● **WHAT YOU NEED TO DO**
Return all of the data that follows precisely, leaving every image out.

● **DATA RECORDS**

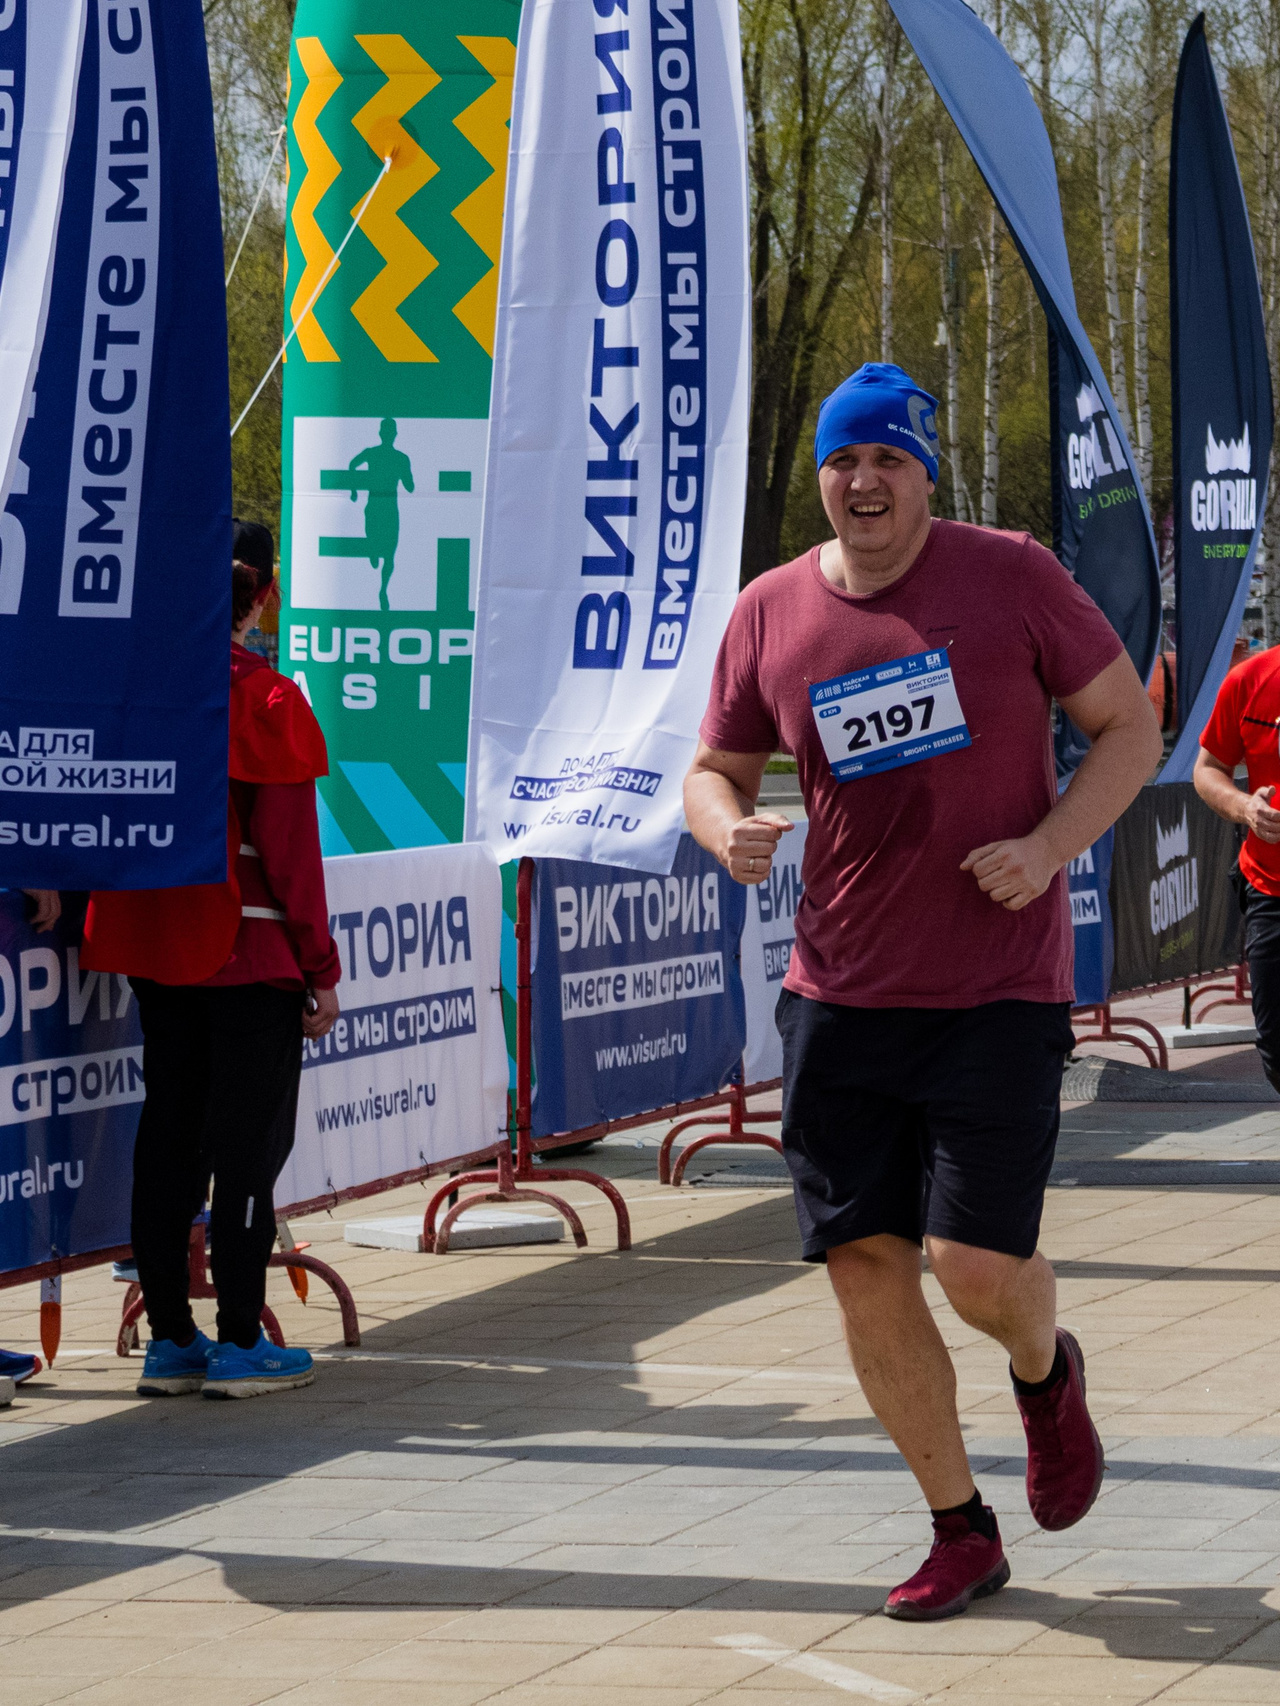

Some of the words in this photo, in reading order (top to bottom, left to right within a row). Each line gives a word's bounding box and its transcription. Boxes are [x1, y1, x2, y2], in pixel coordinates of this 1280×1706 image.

[573, 0, 640, 670] ВИКТОРИ
[1191, 478, 1257, 531] GORILLA
[906, 672, 949, 690] ВИКТОРИЯ
[24, 732, 91, 757] ДЛЯ
[842, 695, 936, 752] 2197
[57, 766, 174, 789] ЖИЗНИ
[555, 872, 721, 952] ВИКТОРИЯ
[1150, 857, 1199, 936] GORILLA
[596, 1027, 687, 1072] www.visural.ru
[316, 1078, 436, 1133] www.visural.ru

● **THE COMPLETED TASK**
Some of the words in this photo, in reading order (top to bottom, left to right within a row). Each line gives a word's bounding box and its transcription. Boxes are [x1, y1, x2, y2], in pixel coordinates of this 1280×1706 image.

[573, 0, 640, 670] ВИКТОРИ
[1191, 478, 1257, 531] GORILLA
[906, 672, 949, 690] ВИКТОРИЯ
[24, 732, 91, 757] ДЛЯ
[842, 695, 936, 752] 2197
[57, 766, 174, 789] ЖИЗНИ
[555, 872, 721, 952] ВИКТОРИЯ
[1150, 857, 1199, 936] GORILLA
[596, 1027, 687, 1072] www.visural.ru
[316, 1078, 436, 1133] www.visural.ru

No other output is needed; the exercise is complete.